BEGIN EXERCISE DATA

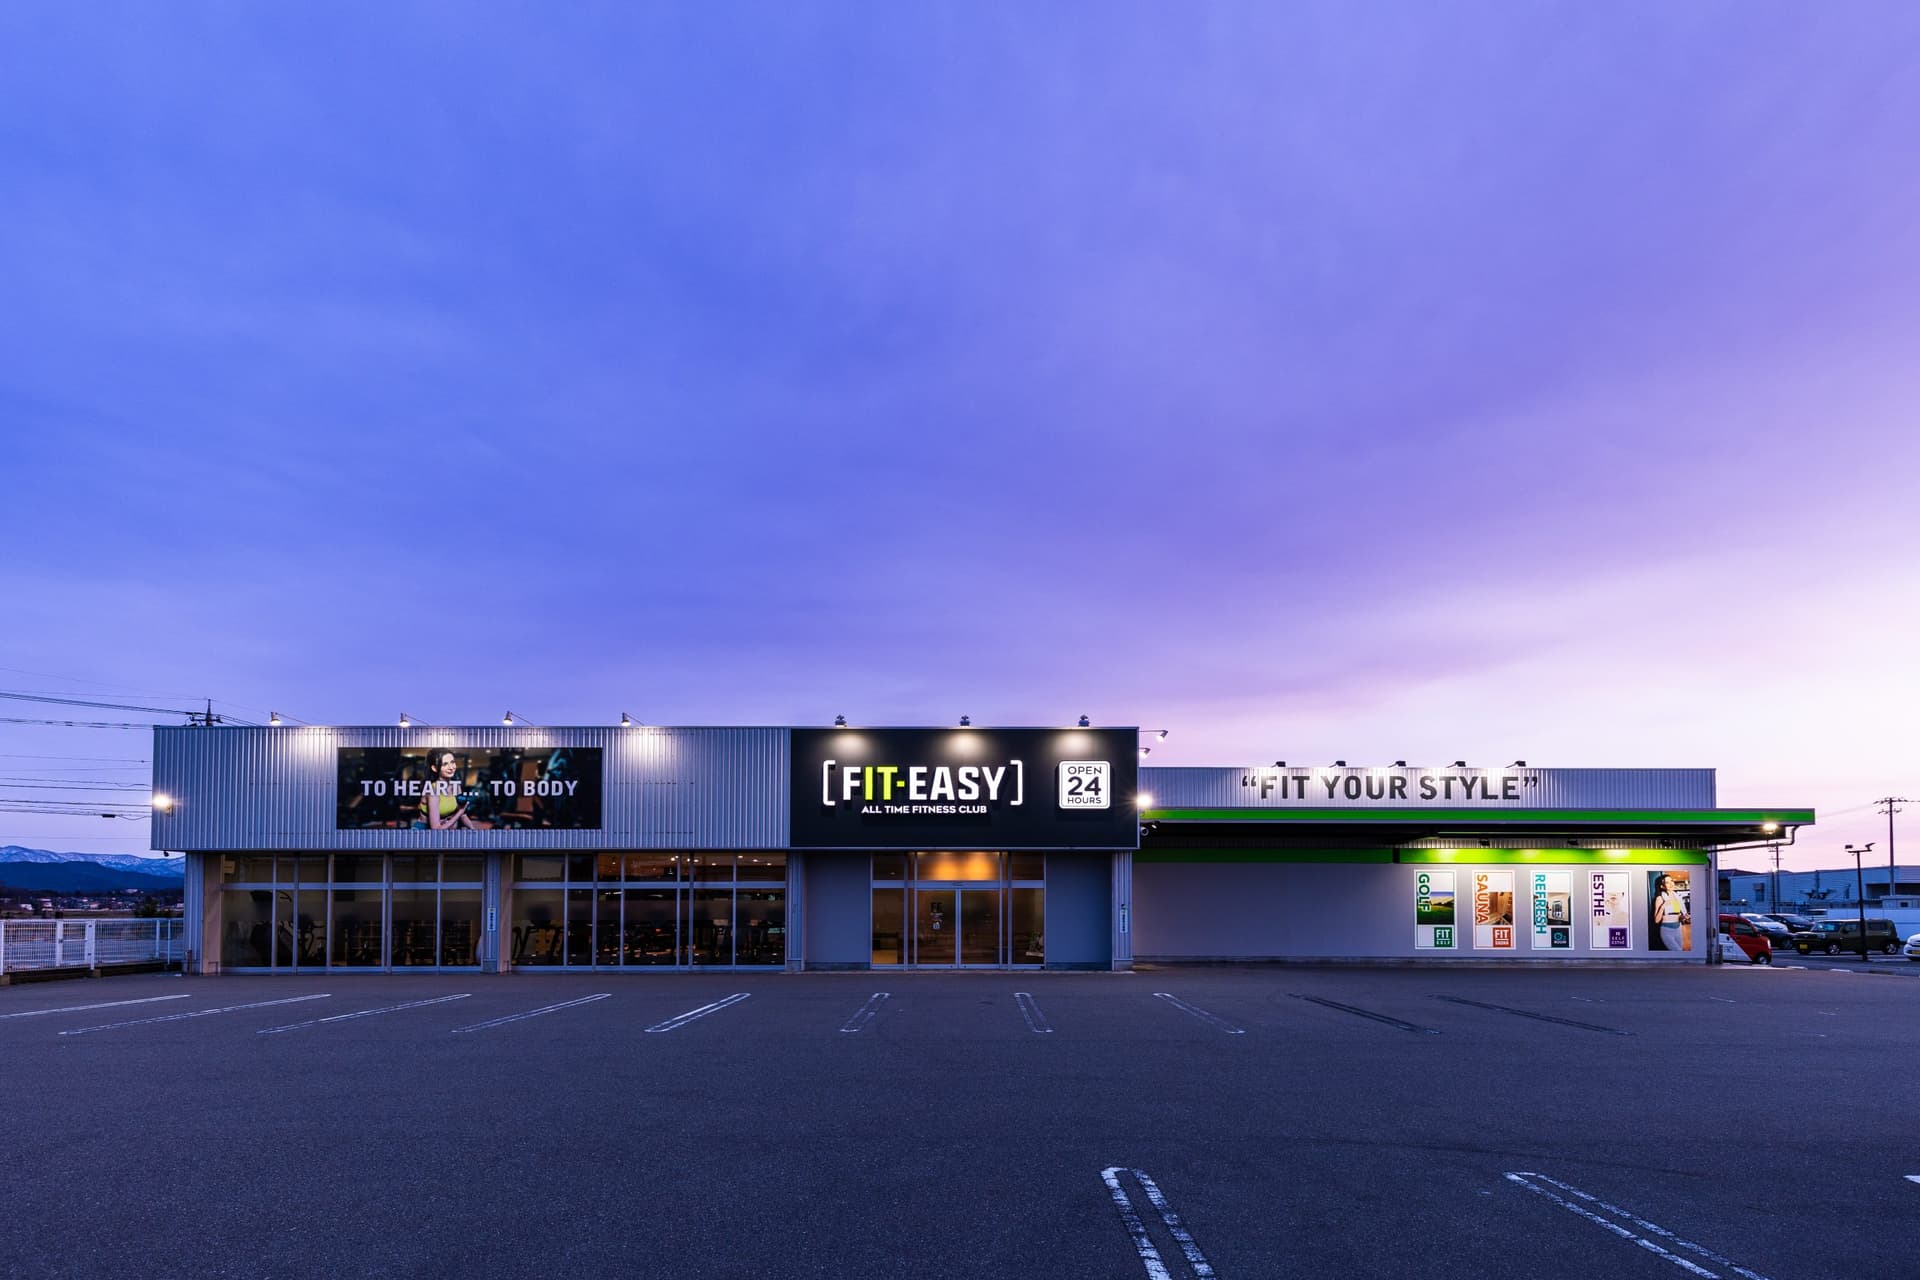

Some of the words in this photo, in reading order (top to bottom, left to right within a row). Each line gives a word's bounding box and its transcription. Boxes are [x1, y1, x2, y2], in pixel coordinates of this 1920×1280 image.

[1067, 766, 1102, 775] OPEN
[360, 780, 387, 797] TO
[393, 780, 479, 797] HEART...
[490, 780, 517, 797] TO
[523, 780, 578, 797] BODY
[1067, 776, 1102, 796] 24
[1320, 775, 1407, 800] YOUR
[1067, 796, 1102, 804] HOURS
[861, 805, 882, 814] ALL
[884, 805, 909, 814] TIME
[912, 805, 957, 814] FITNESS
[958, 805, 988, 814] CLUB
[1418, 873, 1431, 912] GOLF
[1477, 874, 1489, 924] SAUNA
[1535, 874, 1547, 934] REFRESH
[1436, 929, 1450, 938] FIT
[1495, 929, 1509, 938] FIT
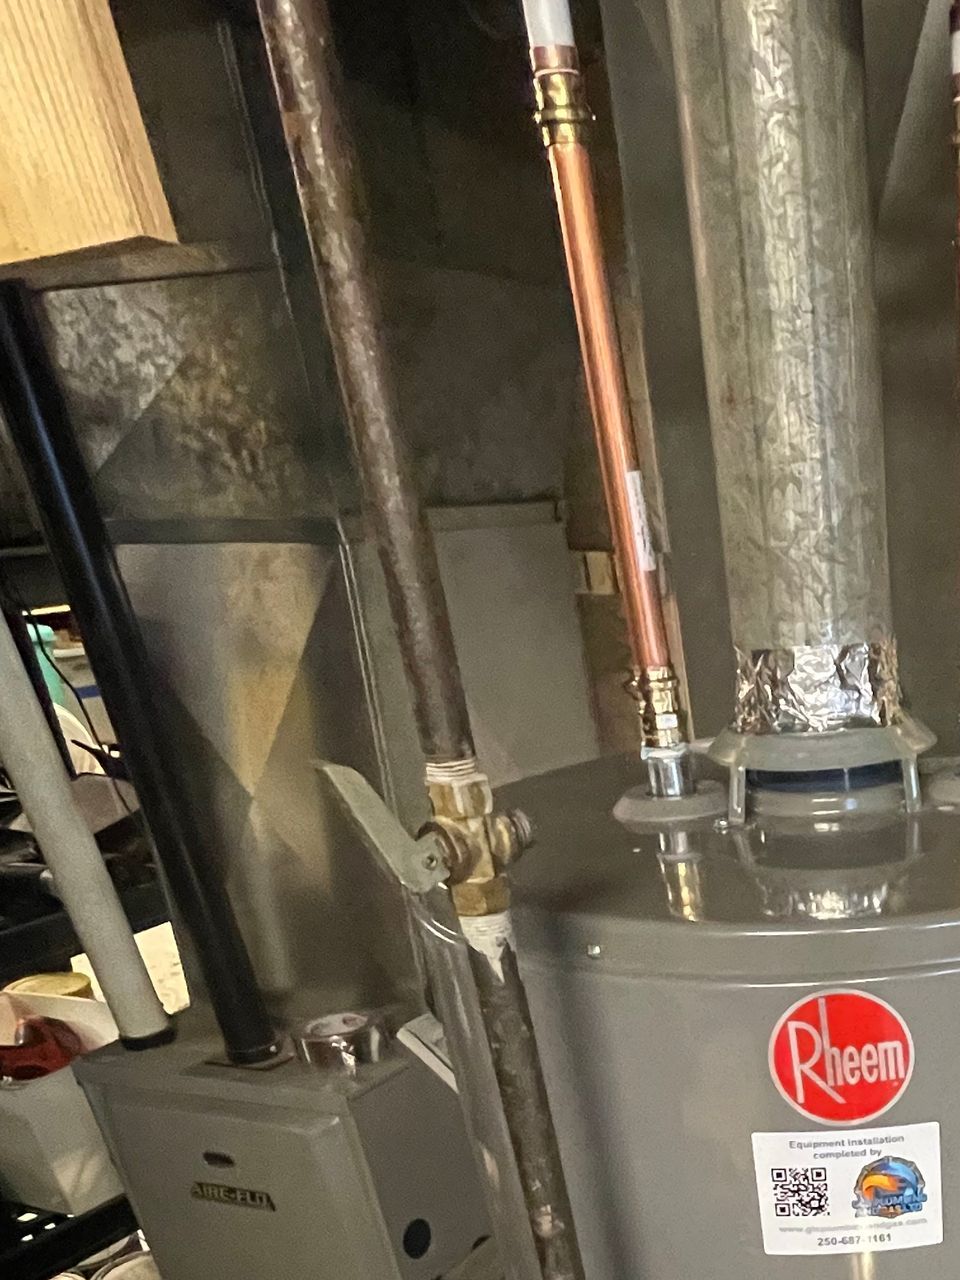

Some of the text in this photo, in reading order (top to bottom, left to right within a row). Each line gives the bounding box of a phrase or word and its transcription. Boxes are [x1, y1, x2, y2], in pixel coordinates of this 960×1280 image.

END EXERCISE DATA

TASK TO CARRY OUT »
The data above must be written out again without alteration, and the pictures in them must be excluded.

RESULT OF THE TASK »
Some of the words in this photo, in reading order (top to bottom, left to right within a row). Each line gives a word's bounding box and its transcription. Boxes are [x1, y1, x2, y2], in pixel coordinates of this 1920×1280 image.

[1067, 766, 1102, 775] OPEN
[360, 780, 387, 797] TO
[393, 780, 479, 797] HEART...
[490, 780, 517, 797] TO
[523, 780, 578, 797] BODY
[1067, 776, 1102, 796] 24
[1320, 775, 1407, 800] YOUR
[1067, 796, 1102, 804] HOURS
[861, 805, 882, 814] ALL
[884, 805, 909, 814] TIME
[912, 805, 957, 814] FITNESS
[958, 805, 988, 814] CLUB
[1418, 873, 1431, 912] GOLF
[1477, 874, 1489, 924] SAUNA
[1535, 874, 1547, 934] REFRESH
[1436, 929, 1450, 938] FIT
[1495, 929, 1509, 938] FIT

Some of the text in this photo, in reading order (top to bottom, left to right within a row). Each line gives the bounding box of a phrase or word and its transcription. Boxes are [x1, y1, x2, y2], in pixel coordinates of this 960×1280 image.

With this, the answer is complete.